Senate Majority Leader Harry Reid, D-Nev., vowed this month to put the bill on the floor if Heller can round up enough Republican votes to guarantee that it could again clear the 60-vote threshold in the Senate.
“Anytime Senator Heller makes a little progress on this, we’ll bring it back” up for a vote in the Senate,” Reid told reporters this month. “Because people are just as desperate today as they were two months ago.”
The senators were able to persuade several Republicans to vote with them on their last bill but were not able to get the House GOP leadership — which has consistently said that it will not call a vote on a bill that does not include job-creation measures — to buy in.
Under the new legislation, the cost of the restored benefits would be paid for through offsets that include extending “pension smoothing” provisions from the 2012 highway bill (MAP-21), which were set to phase out this year, and extending Customs user fees through 2024.
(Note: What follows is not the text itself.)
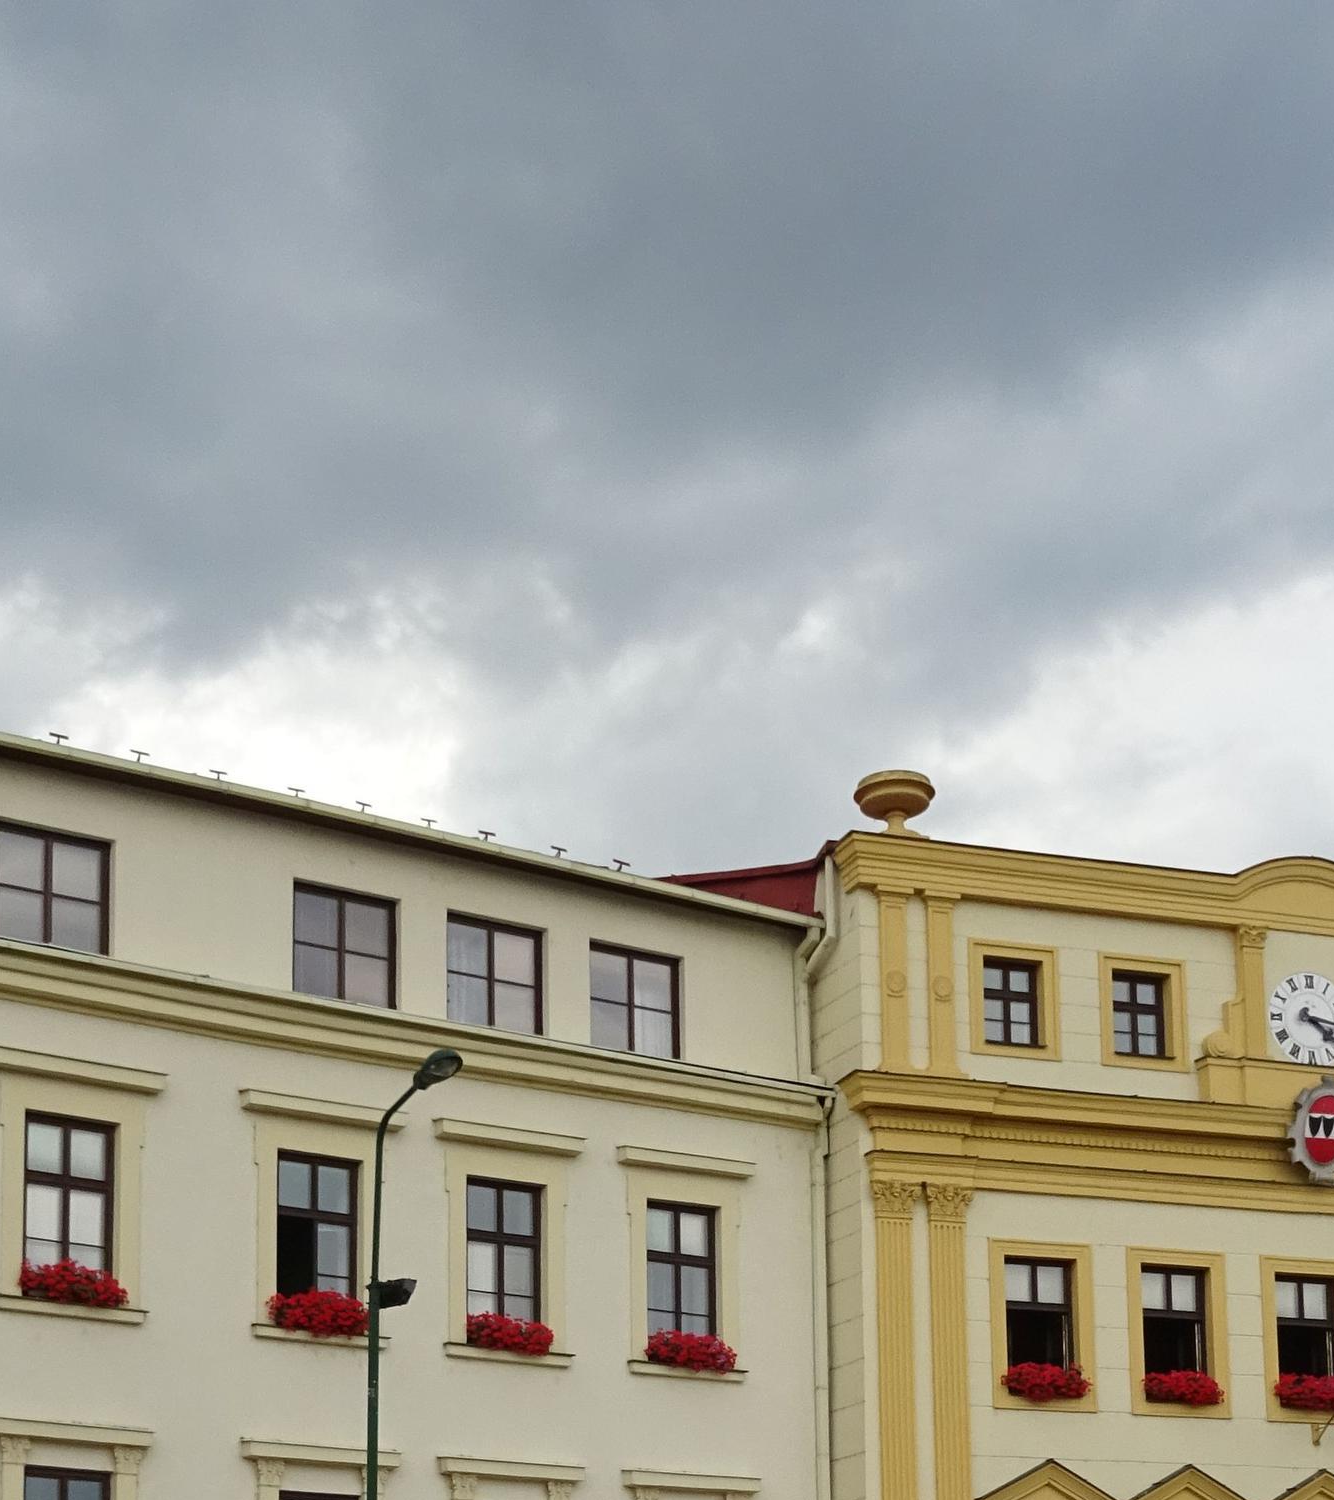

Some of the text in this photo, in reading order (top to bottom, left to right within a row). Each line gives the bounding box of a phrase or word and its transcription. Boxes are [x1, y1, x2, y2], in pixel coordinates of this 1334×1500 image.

[1304, 974, 1315, 989] XII
[1322, 982, 1330, 995] I
[1325, 1047, 1334, 1062] V
Both pension smoothing and extending Customs user fees have been proposed before and have not been supported by House Republicans in the past, and several congressional aides on both sides of the aisle said they believe the current bill may face an uphill battle.
“There is a commitment from the Democrats in the House to not let this fall off of the table,” said Rep. Jan Schakowsky, D-Ill., who has been helping lead “Witness Wednesdays,” a series of weekly Capitol Hill events in which members of Congress, faith leaders and others read the stories of those who are long-term unemployed.
“This is about families,” Schakowsky said. “And the stories are devastating.”
For those like Ridley-Daniels — who has taken to watching C-SPAN to see if a deal is reached — the hope is not only that Reed and Heller can finally broker a deal but that they can do it before the money runs out.
“It feels like no one cares,” Ridley-Daniels said. “People like me need help. We really want to work.”